Where word forms collide: A typology of syncretism

Project Overview

Project

Where word forms collide: A typology of syncretism

Project members:

Prof Greville G. Corbett
Dr Dunstan Brown
Dr Matthew Corbett

Period of award

September 1999 - August 2002

Funder:

Economic and Social Research Council (ESRC)

Syncretism is a surprising yet widespread and poorly understood phenomenon in natural language. Given a regular distinction such as present versus past, as in English help/helped, work/worked, laugh/laughed, we might not expect to find instances like bid, which can be present or past (we now bid five pounds, though yesterday we bid ten pounds). The form bid, is said to be an instance of syncretism, a single form fulfilling two different functions. Thus syncretism is found even in English, whose inflectional morphology (system of different word-forms) is simple in comparison with many languages. The proposed project will document the phenomenon and offer a theoretical account.

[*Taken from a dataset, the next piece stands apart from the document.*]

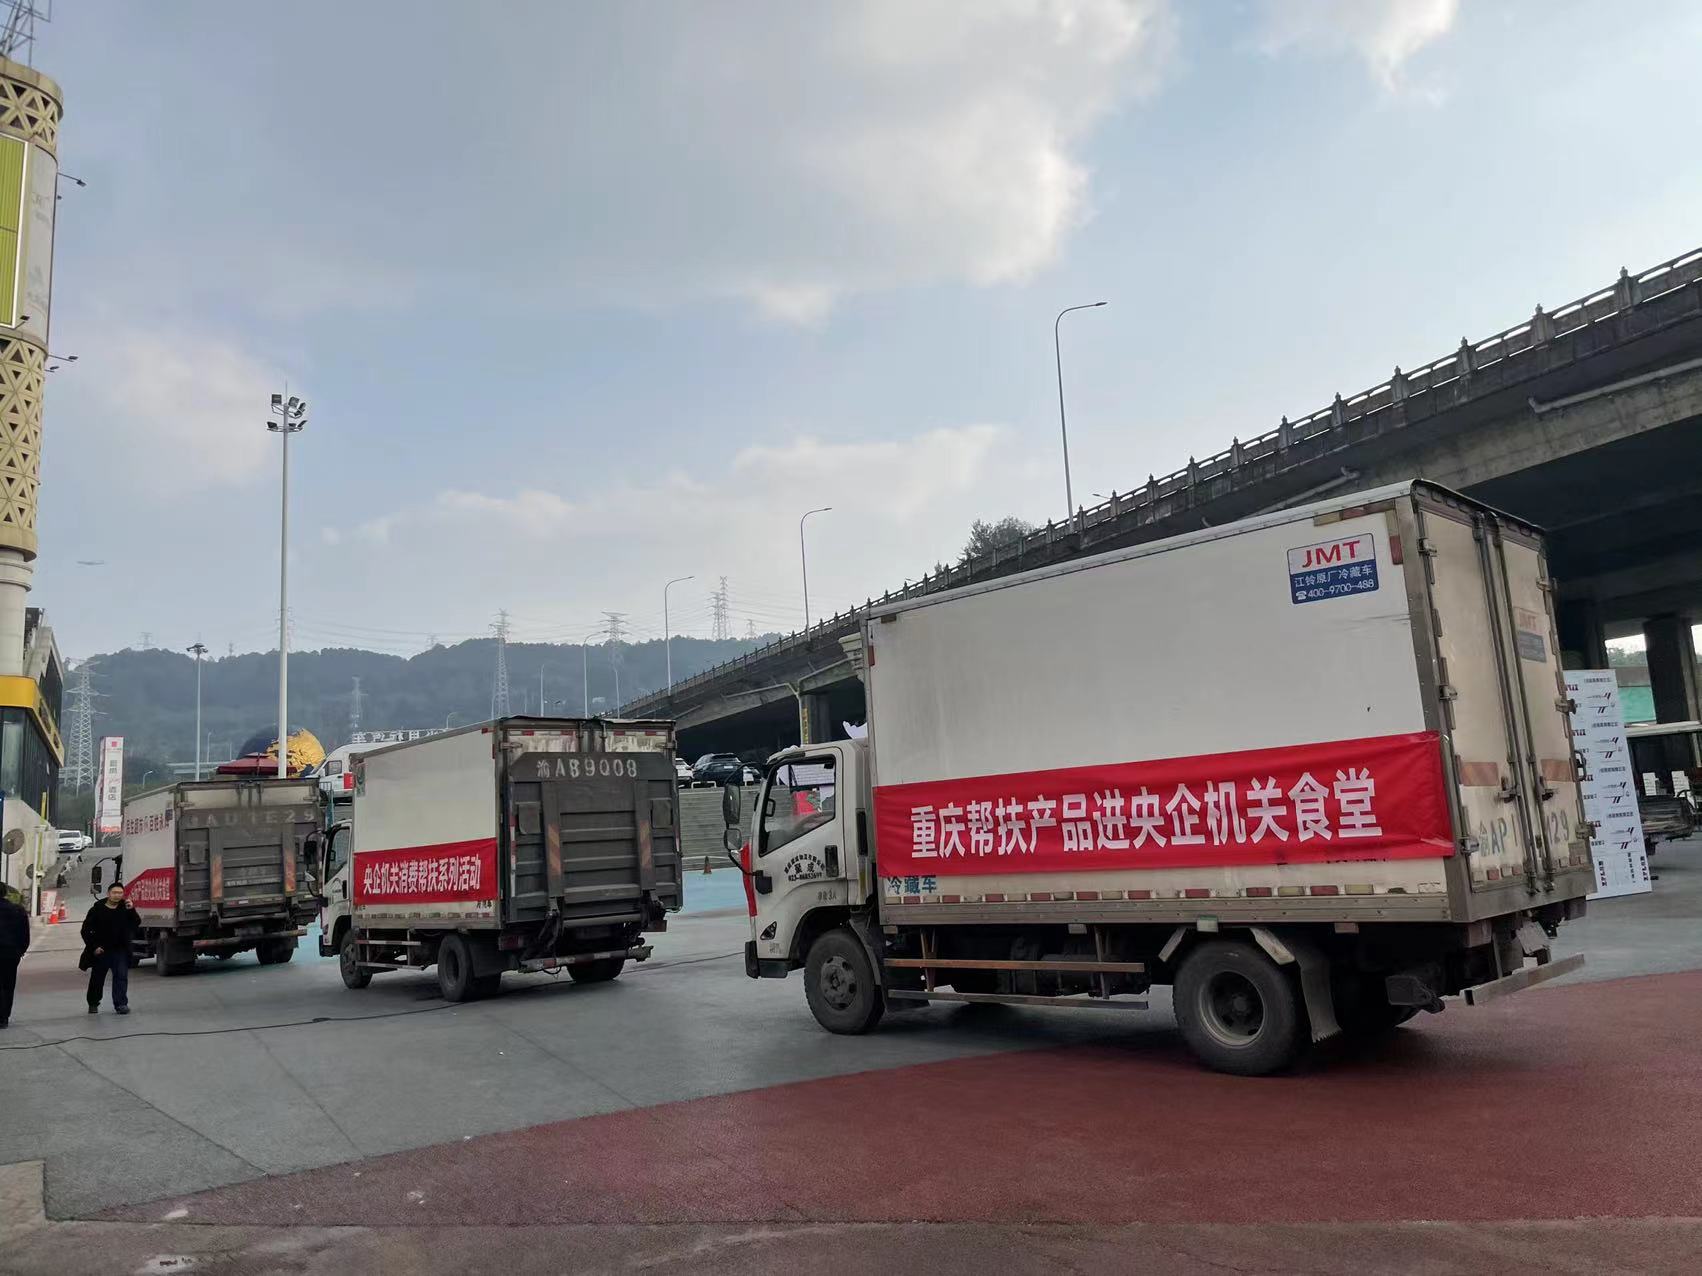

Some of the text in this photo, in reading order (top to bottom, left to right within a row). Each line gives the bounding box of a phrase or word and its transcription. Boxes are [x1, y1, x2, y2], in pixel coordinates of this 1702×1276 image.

In this project we looked at a range of languages of different types (some languages, for instance, have thousands of (inflectional) forms of a single word, unlike the very few which are possible in English). We developed a database of the different instances of syncretism in these various languages. This became both the stimulus and the control for a theory of syncretism, constructed within the general framework of Network Morphology, developed in Surrey Morphology Group. Network Morphology theories are encoded in the lexical knowledge representation language DATR, which means that they can be checked computationally to ensure that they are indeed consistent with the data they claim to explain.